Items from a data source

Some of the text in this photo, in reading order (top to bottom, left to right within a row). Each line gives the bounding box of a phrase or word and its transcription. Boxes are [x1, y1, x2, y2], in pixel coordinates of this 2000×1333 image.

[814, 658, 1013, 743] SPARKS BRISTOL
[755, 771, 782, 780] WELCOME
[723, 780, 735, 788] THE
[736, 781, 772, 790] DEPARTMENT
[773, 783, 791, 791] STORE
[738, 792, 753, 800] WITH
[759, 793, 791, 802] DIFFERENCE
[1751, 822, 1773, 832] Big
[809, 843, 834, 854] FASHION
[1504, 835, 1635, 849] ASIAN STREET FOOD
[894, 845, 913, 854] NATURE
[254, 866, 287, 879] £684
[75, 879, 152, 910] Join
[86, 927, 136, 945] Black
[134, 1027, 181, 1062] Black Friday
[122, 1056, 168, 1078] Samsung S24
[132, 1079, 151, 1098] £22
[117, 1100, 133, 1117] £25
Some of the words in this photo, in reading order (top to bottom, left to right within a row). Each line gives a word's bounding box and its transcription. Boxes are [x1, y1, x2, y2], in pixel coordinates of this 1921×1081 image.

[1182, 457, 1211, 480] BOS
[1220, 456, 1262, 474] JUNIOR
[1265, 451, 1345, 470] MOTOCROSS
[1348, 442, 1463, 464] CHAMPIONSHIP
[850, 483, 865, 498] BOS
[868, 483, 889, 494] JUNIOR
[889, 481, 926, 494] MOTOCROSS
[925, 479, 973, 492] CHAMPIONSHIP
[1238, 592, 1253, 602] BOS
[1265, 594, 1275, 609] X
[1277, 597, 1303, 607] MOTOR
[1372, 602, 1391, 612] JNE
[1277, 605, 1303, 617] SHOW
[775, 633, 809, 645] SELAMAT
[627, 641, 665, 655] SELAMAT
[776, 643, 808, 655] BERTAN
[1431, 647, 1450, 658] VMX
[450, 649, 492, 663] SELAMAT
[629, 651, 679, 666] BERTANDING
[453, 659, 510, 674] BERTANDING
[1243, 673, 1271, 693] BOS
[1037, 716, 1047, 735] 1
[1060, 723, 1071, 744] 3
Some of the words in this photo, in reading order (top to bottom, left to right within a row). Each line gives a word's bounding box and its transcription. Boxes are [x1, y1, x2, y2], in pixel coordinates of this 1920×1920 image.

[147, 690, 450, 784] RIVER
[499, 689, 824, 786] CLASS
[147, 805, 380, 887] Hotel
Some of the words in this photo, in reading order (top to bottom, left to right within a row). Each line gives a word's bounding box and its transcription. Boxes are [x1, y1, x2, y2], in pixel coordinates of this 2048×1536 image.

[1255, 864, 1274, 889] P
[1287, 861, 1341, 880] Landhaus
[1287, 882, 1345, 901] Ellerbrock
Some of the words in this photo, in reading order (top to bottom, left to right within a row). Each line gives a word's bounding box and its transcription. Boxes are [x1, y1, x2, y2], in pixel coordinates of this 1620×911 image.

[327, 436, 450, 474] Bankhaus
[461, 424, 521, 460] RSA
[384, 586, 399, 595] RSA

▶ [Work to be completed] From top to bottom, repeat the data above without alteration.

▶ [Solution below]
Some of the text in this photo, in reading order (top to bottom, left to right within a row). Each line gives the bounding box of a phrase or word and its transcription. Boxes are [x1, y1, x2, y2], in pixel coordinates of this 2000×1333 image.

[814, 658, 1013, 743] SPARKS BRISTOL
[755, 771, 782, 780] WELCOME
[723, 780, 735, 788] THE
[736, 781, 772, 790] DEPARTMENT
[773, 783, 791, 791] STORE
[738, 792, 753, 800] WITH
[759, 793, 791, 802] DIFFERENCE
[1751, 822, 1773, 832] Big
[809, 843, 834, 854] FASHION
[1504, 835, 1635, 849] ASIAN STREET FOOD
[894, 845, 913, 854] NATURE
[254, 866, 287, 879] £684
[75, 879, 152, 910] Join
[86, 927, 136, 945] Black
[134, 1027, 181, 1062] Black Friday
[122, 1056, 168, 1078] Samsung S24
[132, 1079, 151, 1098] £22
[117, 1100, 133, 1117] £25
Some of the words in this photo, in reading order (top to bottom, left to right within a row). Each line gives a word's bounding box and its transcription. Boxes are [x1, y1, x2, y2], in pixel coordinates of this 1921×1081 image.

[1182, 457, 1211, 480] BOS
[1220, 456, 1262, 474] JUNIOR
[1265, 451, 1345, 470] MOTOCROSS
[1348, 442, 1463, 464] CHAMPIONSHIP
[850, 483, 865, 498] BOS
[868, 483, 889, 494] JUNIOR
[889, 481, 926, 494] MOTOCROSS
[925, 479, 973, 492] CHAMPIONSHIP
[1238, 592, 1253, 602] BOS
[1265, 594, 1275, 609] X
[1277, 597, 1303, 607] MOTOR
[1372, 602, 1391, 612] JNE
[1277, 605, 1303, 617] SHOW
[775, 633, 809, 645] SELAMAT
[627, 641, 665, 655] SELAMAT
[776, 643, 808, 655] BERTAN
[1431, 647, 1450, 658] VMX
[450, 649, 492, 663] SELAMAT
[629, 651, 679, 666] BERTANDING
[453, 659, 510, 674] BERTANDING
[1243, 673, 1271, 693] BOS
[1037, 716, 1047, 735] 1
[1060, 723, 1071, 744] 3
Some of the words in this photo, in reading order (top to bottom, left to right within a row). Each line gives a word's bounding box and its transcription. Boxes are [x1, y1, x2, y2], in pixel coordinates of this 1920×1920 image.

[147, 690, 450, 784] RIVER
[499, 689, 824, 786] CLASS
[147, 805, 380, 887] Hotel
Some of the words in this photo, in reading order (top to bottom, left to right within a row). Each line gives a word's bounding box and its transcription. Boxes are [x1, y1, x2, y2], in pixel coordinates of this 2048×1536 image.

[1255, 864, 1274, 889] P
[1287, 861, 1341, 880] Landhaus
[1287, 882, 1345, 901] Ellerbrock
Some of the words in this photo, in reading order (top to bottom, left to right within a row). Each line gives a word's bounding box and its transcription. Boxes are [x1, y1, x2, y2], in pixel coordinates of this 1620×911 image.

[327, 436, 450, 474] Bankhaus
[461, 424, 521, 460] RSA
[384, 586, 399, 595] RSA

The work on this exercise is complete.